Your sleuth misinterprets the meaning of a clue. You villain lies to hide a secret. Your detective believes what the villain says at the moment. But what the villain says points to his act, even though he lies. This technique is a great tool to use with a flawed sleuth whose flaw keeps her from seeing the real meaning.
Piece by Piece
A time-release method to scatter clues about the villain in different places throughout the story, then mix up the logical order. Your sleuth finds an empty letterbox while visiting the villain. Later she finds six letters hidden in the closet. She has an “epiphany” when she remembers the empty letterbox.
In Plain Sight
Create a cluster of clues and squeeze the real clue in with all the others. Hide the clue in plain sight. While your sleuth interviews the villain as a suspect, they rattle on with false clues, but one real clue is hidden in the cluster. This technique works well in a story with multiple suspects from Agatha Christie’s Murder On The Orient Express to John D. MacDonald’s hard-boiled Travis McGee (pick one).
Draw your reader’s attention away from the villain. The sleuth and the reader follow a false trail. A suspect who seems like the most evident villain is not the real trail to the villain. In Adrian McKinty’s The Cold, Cold Ground, the clues seem to lead toward a serial killer who targets homosexuals. Not the case at all.
Camouflage with Action
Camouflage a clue with action. Just as your sleuth glances at a scrap of paper on the floor, he’s hit from behind. In the ensuing action and consequences—a trip to the hospital, a missed appointment because of time in the hospital, etc.—your sleuth overlooks the clue that points straight to the villain. Jo Nesbø uses action camouflage in his Harry Høle series.
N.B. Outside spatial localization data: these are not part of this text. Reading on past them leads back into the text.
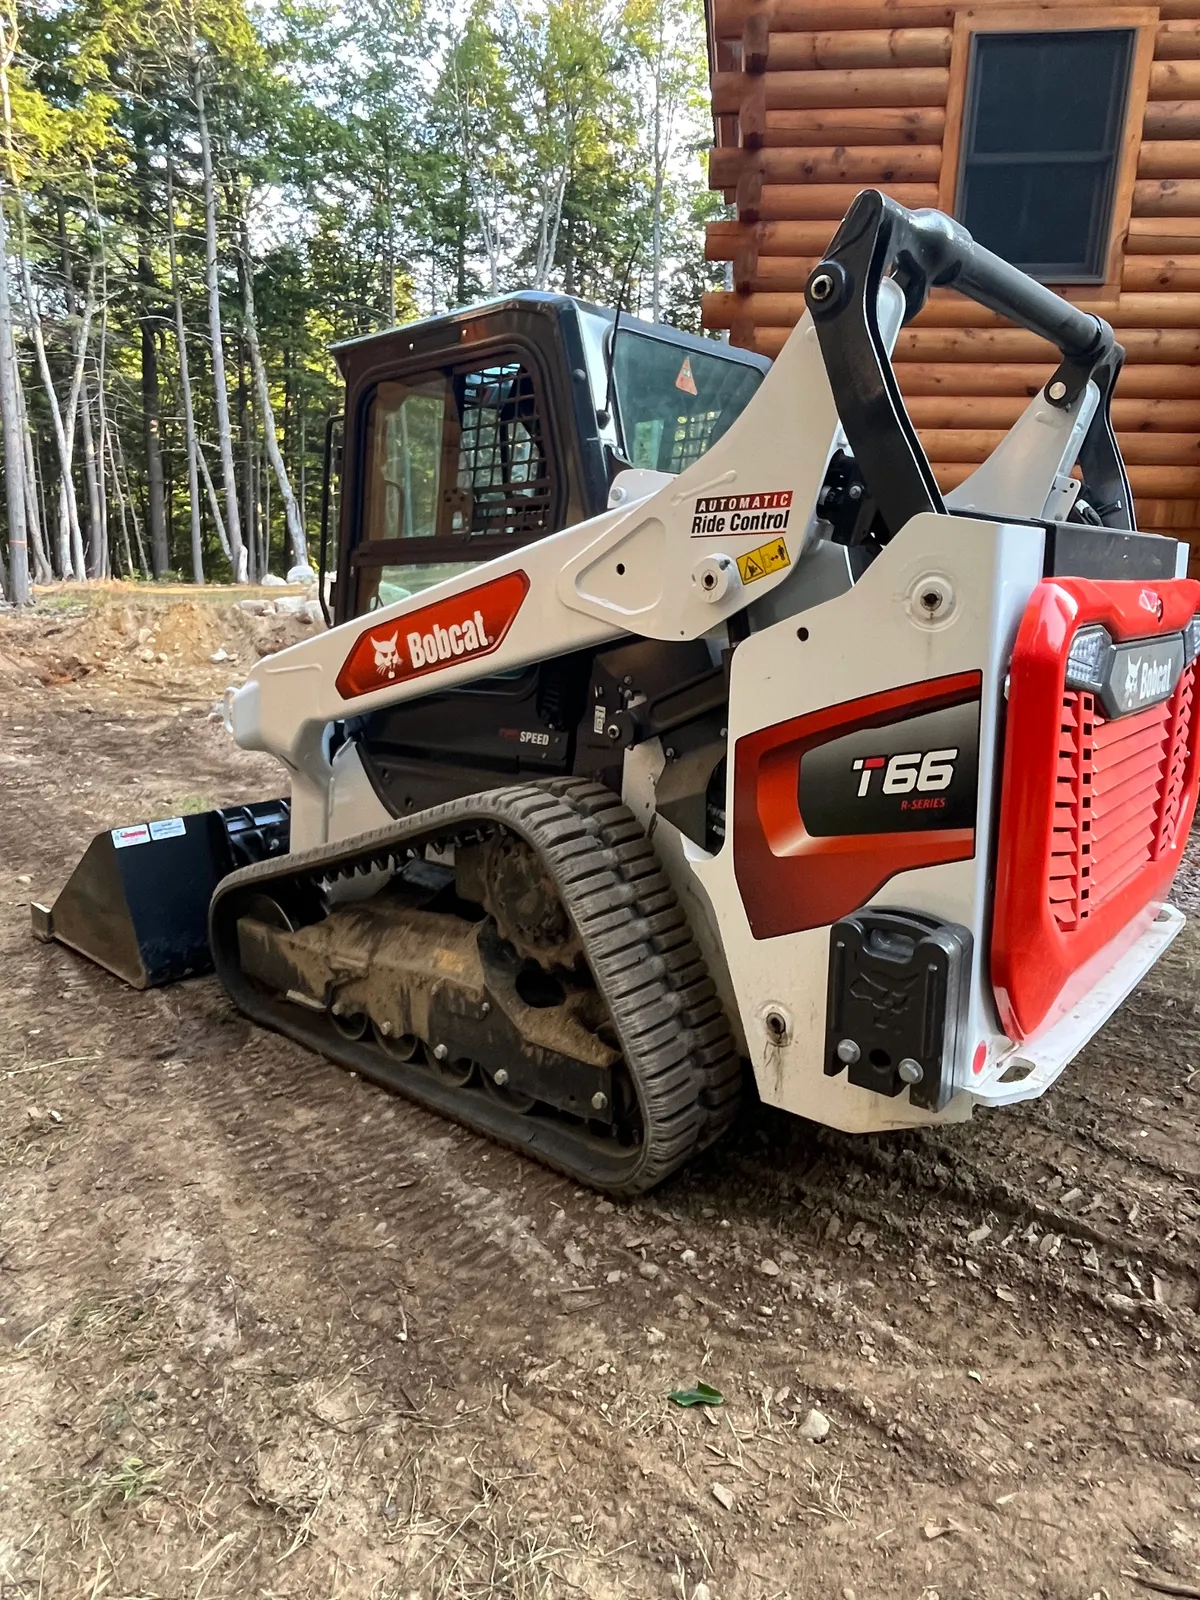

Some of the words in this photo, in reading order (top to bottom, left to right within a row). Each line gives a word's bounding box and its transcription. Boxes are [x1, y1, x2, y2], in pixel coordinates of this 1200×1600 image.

[698, 494, 789, 512] AUTOMATIC
[691, 515, 725, 533] Ride
[730, 510, 790, 531] Control
[407, 610, 488, 669] Bobcat
[1139, 658, 1172, 700] Bobcat
[520, 731, 549, 745] SPEED
[853, 749, 958, 797] T66
[901, 798, 946, 810] R-SERIES
The More You Know, The Less You Show
Every mystery has three main characters—detective, victim, and villain. When you create a full, detailed character background for your villain, you’ll be ready to plant villain clues with multiple details. They all add up in your character background, but they will be disjointed when you sprinkle them throughout the story.
Practice using the techniques to give readers clues about your villain without giving away the secret. Let your sleuth, and the reader, use their skills to put it all together.